Ele miava, miava, haja ração!
Eu fui promovido
e não era mais um simples operário,
quanta determinação!
Ele miava, miava, haja ração!
Eu acordava sempre no mesmo horário
e trabalhava dobrado
em tempos complicados de corações pálidos,
haja exatidão!
Eu ia para o emprego
e pregos perfuravam a parede do meu cérebro:
Pare, pare! Não! Trabalho! Trabalho!
Voltava para casa em cacos.
Ele miava, miava, haja ração!
Eu comprei uma TV de Plasma, quanta resolução!
Comprei um carro do ano
e muitos juros na prestação.
Ele miava, miava, haja ração!
Eu montei uma firma no ramo da comunicação
e contratei um expert em recursos humanos.
Tempos tecnológicos!
Ele miava, miava, haja ração!
O tempo corria ilógico:
Doutor, estou muito estressado!
Toma aqui um remedinho,
um “diaze-pão.”
Ele miava, miava, haja ração!
Eu cheguei em casa, exausto!
O dia pela noite era diminuído
em doses homeopáticas de monotonia e cansaço.
Tempos a prazo!
Peguei o celular, onde estão meus amigos?
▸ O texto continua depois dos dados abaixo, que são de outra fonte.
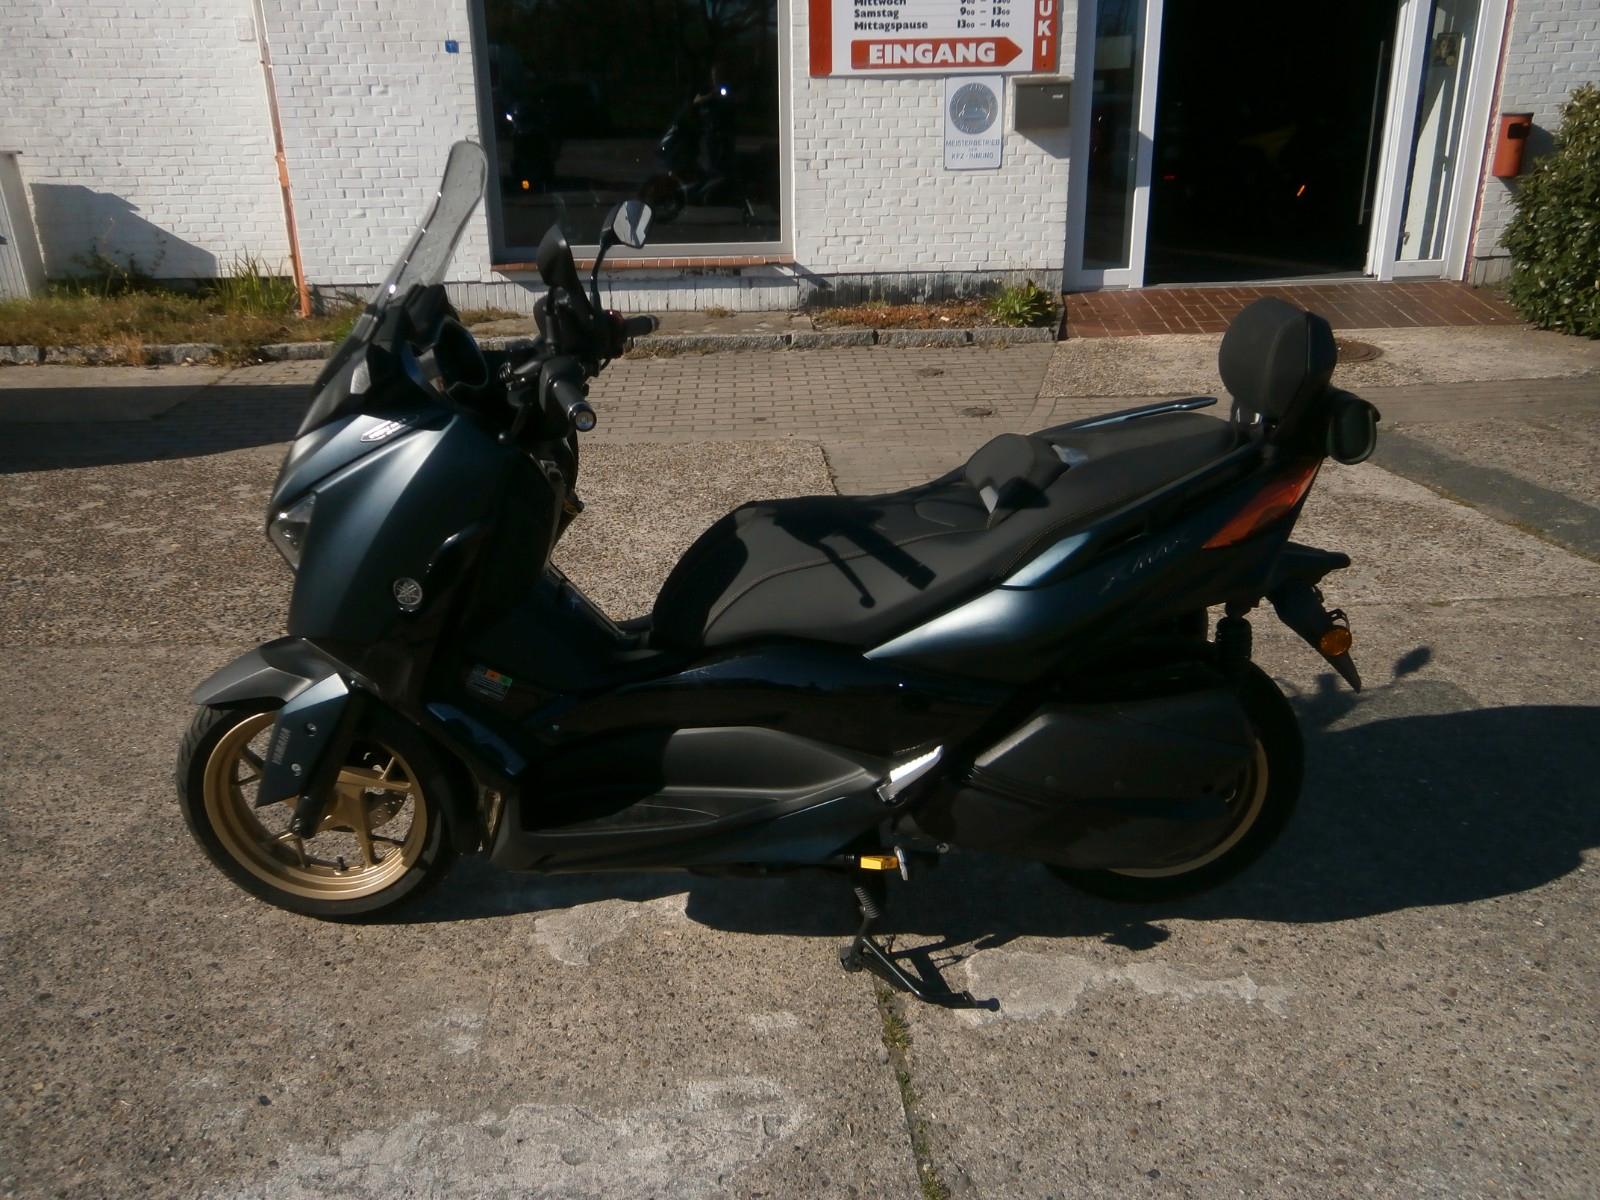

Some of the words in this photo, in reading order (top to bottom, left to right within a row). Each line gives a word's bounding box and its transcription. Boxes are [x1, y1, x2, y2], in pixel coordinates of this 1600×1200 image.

[854, 9, 899, 19] Samstag
[854, 21, 928, 32] Mittagspause
[869, 42, 995, 64] EINGANG
não escutei nenhum miadinho…
Meu gato tinha morrido!
Tempos de Cão!
Deus em nós
Já se passaram alguns anos,
continuo tendo desejos por coisas proibidas:
pular janelas, tocar a campainha e correr,
roubar beijos.
A chuva ainda me consola quando bate no vidro
e escorre lenta e persistente em direção à terra.
Tudo segue seu fluxo,
o dinheiro e o sangue, o sagrado e o profano,
a verdade e a desilusão.
Uma caixa pode estar vazia por dentro,
ou apenas, cheia de nadas.
Ainda há muito do meu eu da infância,
aquela vontade de aproveitar o dia,
de esconder a noite de baixo da cama.
Lembro quando descobri que no Japão ainda era d’manhã,
eu só queria estar lá!
Minha mãe dizia: “Meu filho, é muito longe.”
Eu aprendi que a felicidade sempre está um passo à frente,
como os sonhos que fogem na primeira luz que invade a cortina.
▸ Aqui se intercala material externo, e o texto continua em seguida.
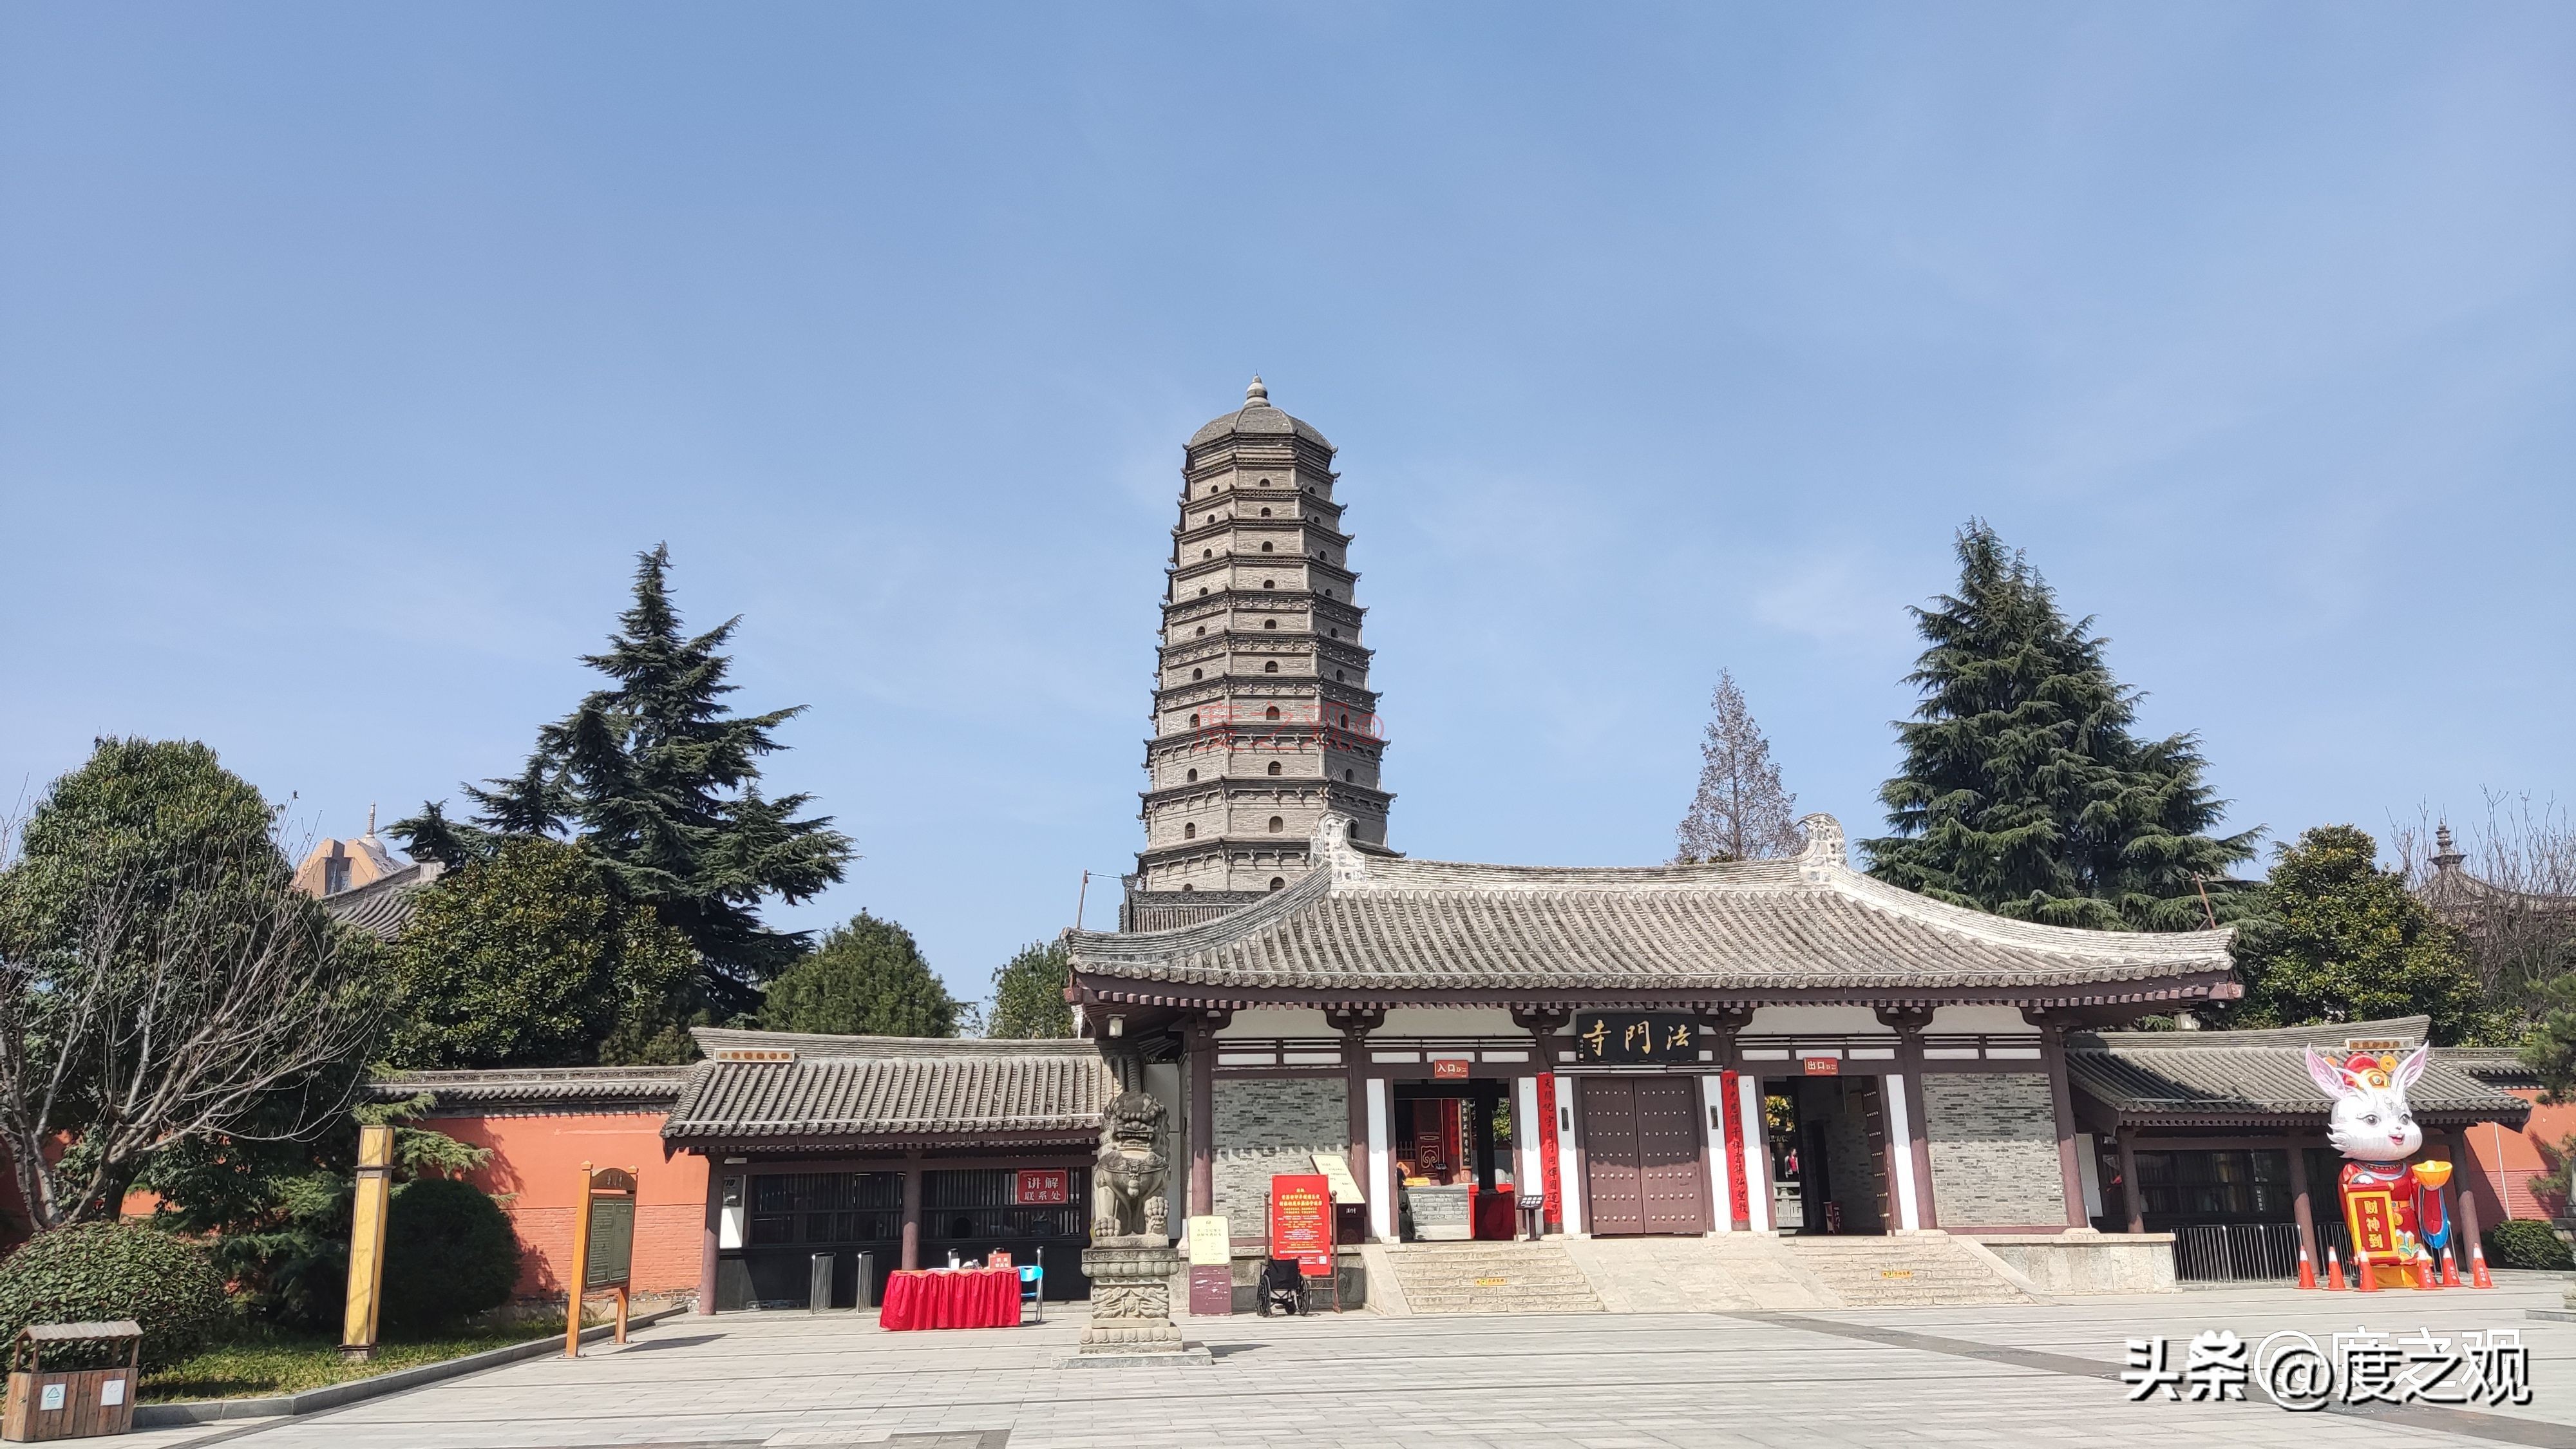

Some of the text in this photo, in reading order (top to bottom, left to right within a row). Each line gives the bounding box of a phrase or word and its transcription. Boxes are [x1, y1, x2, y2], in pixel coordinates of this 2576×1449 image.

[1582, 1019, 1692, 1056] 法門寺
[1437, 1063, 1455, 1072] 入口
[1808, 1061, 1824, 1070] 出口
[1027, 1177, 1059, 1189] 讲解
[1024, 1191, 1061, 1201] 联系处
[2363, 1200, 2383, 1248] 财神到
A vida é tão bonita no café da manhã,
a família reunida,
frutas, requeijão , sucos, bolos…
todos sorrindo para nós.
Mal sabem eles, ingênuos alimentos, que aquela
pode ser a nossa última ceia.
No calor árido do vale do ácido
ficava imaginando o inverno na Suíça:
o vapor do café, as montanhas congeladas,
o cachecol no pescoço.
A Suíça me consome tal qual um sentimento incógnito,
mas que me parece familiar
quando bate na porta da imaginação.
Quando menino, queria ser uma águia,
ver tudo de cima, contemplar o infinito.
Sócrates dizia
que dentro do homem existe um Deus desconhecido.
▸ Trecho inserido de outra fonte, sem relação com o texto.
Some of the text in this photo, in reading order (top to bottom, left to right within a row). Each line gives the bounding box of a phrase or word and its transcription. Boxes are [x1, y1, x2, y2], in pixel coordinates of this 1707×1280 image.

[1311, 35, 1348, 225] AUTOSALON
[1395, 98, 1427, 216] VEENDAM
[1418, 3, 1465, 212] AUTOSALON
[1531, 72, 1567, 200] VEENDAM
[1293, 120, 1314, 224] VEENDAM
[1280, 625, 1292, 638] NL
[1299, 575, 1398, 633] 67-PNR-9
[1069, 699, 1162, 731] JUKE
Talvez ele esteja escondido
nesse amontoado de dias análogos,
diante dos olhos enegrecidos.
Joe Arthuso : descobriu sua paixão pela escrita quando viveu em Itabira e conheceu de perto a historia de Carlos Drummond de Andrade. Hoje mora no Vale do Aço, interior de Minas Gerais, Cursa Psicologia pelo o Centro Universitário do Leste de Minas Gerais (Unileste) e trabalha como editor das paginas A Besta Essência, Derivantes Delirantes e Perolas 60’ 70’ .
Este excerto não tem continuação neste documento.